-- WHAT YOU NEED TO DO --
Exact wording is required: transcribe all the entries and leave the images out.

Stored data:
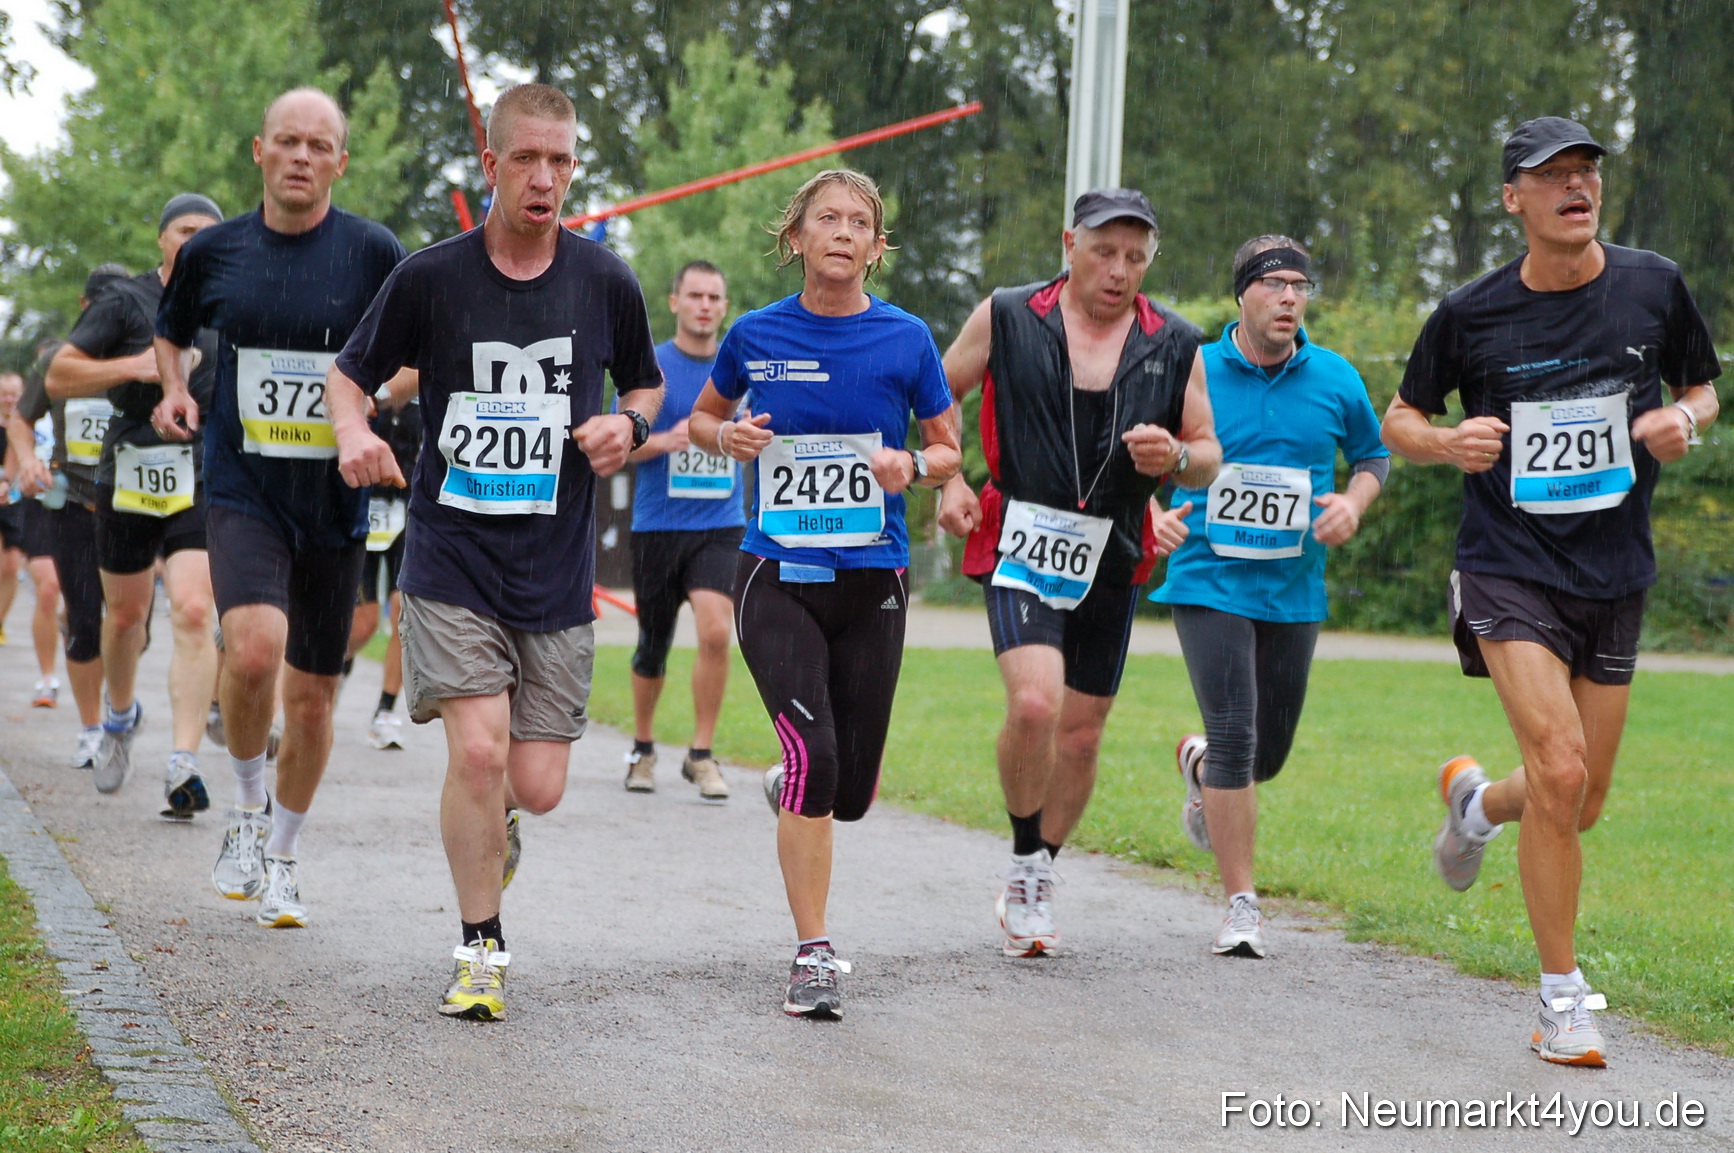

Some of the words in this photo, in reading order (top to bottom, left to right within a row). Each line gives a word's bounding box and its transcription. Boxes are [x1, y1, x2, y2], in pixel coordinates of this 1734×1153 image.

[257, 379, 327, 418] 372
[476, 400, 527, 414] BOCK
[269, 425, 312, 443] Heiko
[449, 424, 553, 470] 2204
[795, 440, 844, 455] BOCK
[1526, 425, 1616, 473] 2291
[678, 451, 728, 474] 3294
[133, 465, 177, 493] 196
[466, 476, 537, 498] Christian
[772, 463, 871, 506] 2426
[1547, 480, 1601, 498] Werner
[1217, 487, 1300, 526] 2267
[797, 514, 844, 533] Helga
[1234, 530, 1278, 548] Martin
[1009, 530, 1092, 576] 2466

-- YOUR RESPONSE --
Some of the words in this photo, in reading order (top to bottom, left to right within a row). Each line gives a word's bounding box and its transcription. Boxes are [x1, y1, x2, y2], in pixel coordinates of this 1734×1153 image.

[257, 379, 327, 418] 372
[476, 400, 527, 414] BOCK
[269, 425, 312, 443] Heiko
[449, 424, 553, 470] 2204
[795, 440, 844, 455] BOCK
[1526, 425, 1616, 473] 2291
[678, 451, 728, 474] 3294
[133, 465, 177, 493] 196
[466, 476, 537, 498] Christian
[772, 463, 871, 506] 2426
[1547, 480, 1601, 498] Werner
[1217, 487, 1300, 526] 2267
[797, 514, 844, 533] Helga
[1234, 530, 1278, 548] Martin
[1009, 530, 1092, 576] 2466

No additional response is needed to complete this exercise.